Bannon has returned to Breitbart as executive chairman.
Rove also claimed that Bannon is trying to remain in charge and to keep his agenda alive and well at 1600 Pennsylvania Avenue.
"Mr. Bannon is not the first staffer to believe the White House agenda must mirror his own," Rove writes. "But no other aide in memory has had such grandiose or destructive plans for trying to remain in charge after being shown the door."
Rove maintains that Bannon was a bit over confident when he recently told Bloomberg that he will be "going to war for Trump against his opponents -— on Capitol Hill, in the media, and in corporate America."
"Success might not come so easily," Rove writes. "Just as before, one of Mr. Bannon's principal aims will be replacing the GOP congressional leadership by supporting populist primary challengers.
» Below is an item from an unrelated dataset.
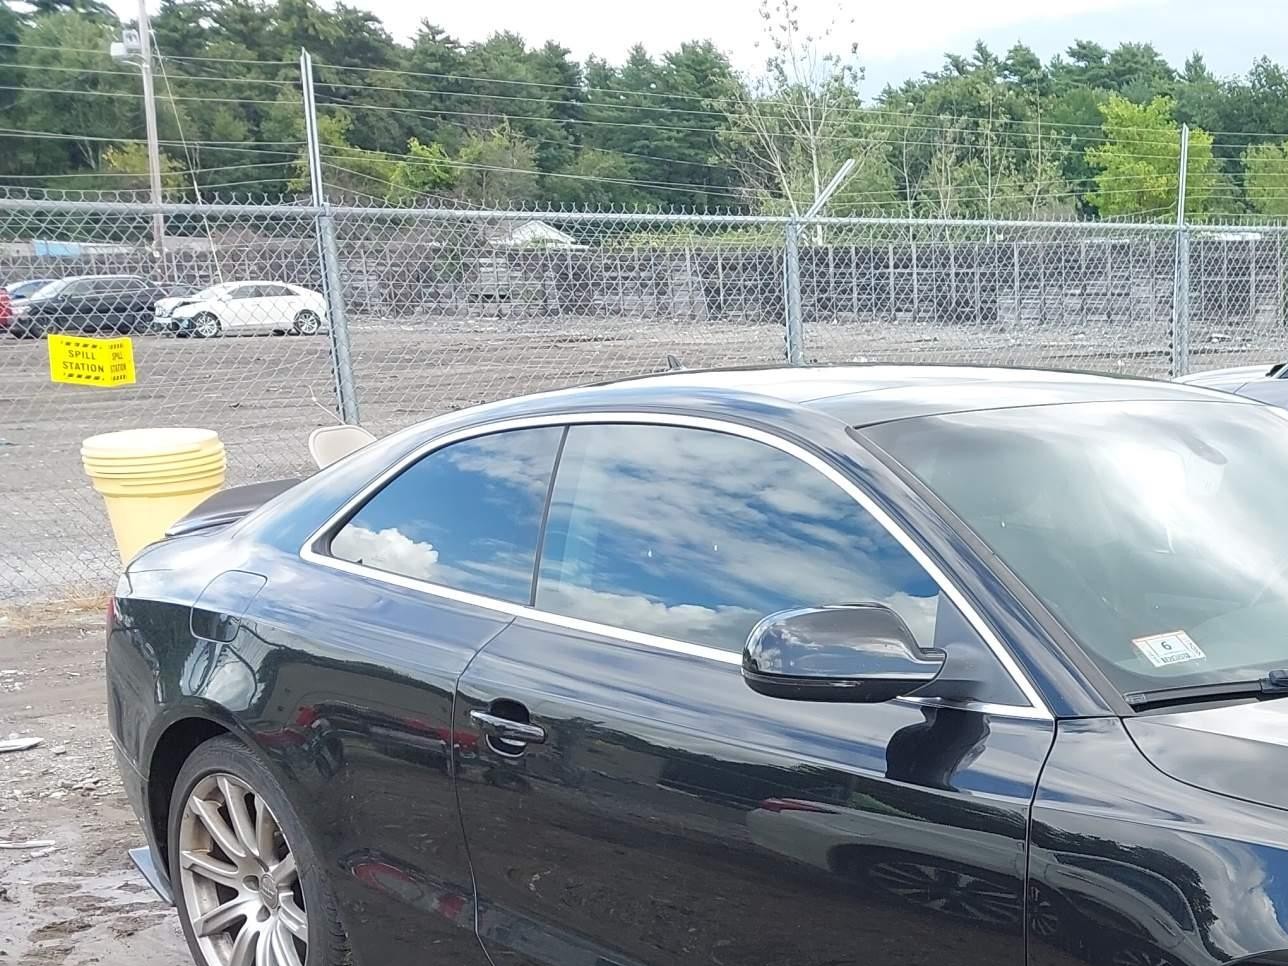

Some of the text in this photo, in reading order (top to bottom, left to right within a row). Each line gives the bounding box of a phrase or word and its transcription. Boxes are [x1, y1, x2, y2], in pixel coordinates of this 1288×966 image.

[68, 349, 96, 360] SPILL
[62, 361, 104, 373] STATION
[1161, 640, 1173, 651] 6
But last year his attempted political hit on House Speaker Paul Ryan - —for which he recruited a primary challenger and pummeled the speaker daily through Breitbart news stories -- ended with Mr. Ryan winning with 84% of the primary vote."
Rove also took issue with Trump attacking fellow Republicans at his recent rally in Phoenix. The president said of Sen. Jeff Flake, "no one knows who the hell he is." And while the president did not identify Sen. John McCain by name, he clearly was referring to the fact that he did not vote in favor of legislation to repeal and replace the Affordable Care Act. Said Trump: "One vote away! I will not mention any names. Very presidential, isn't it?"
Writes Rove, "Memo to the White House: The worst way to strengthen a president is publicly to blame his difficulties on allies. The least effective way to pass an agenda is to threaten the president’s party in Congress."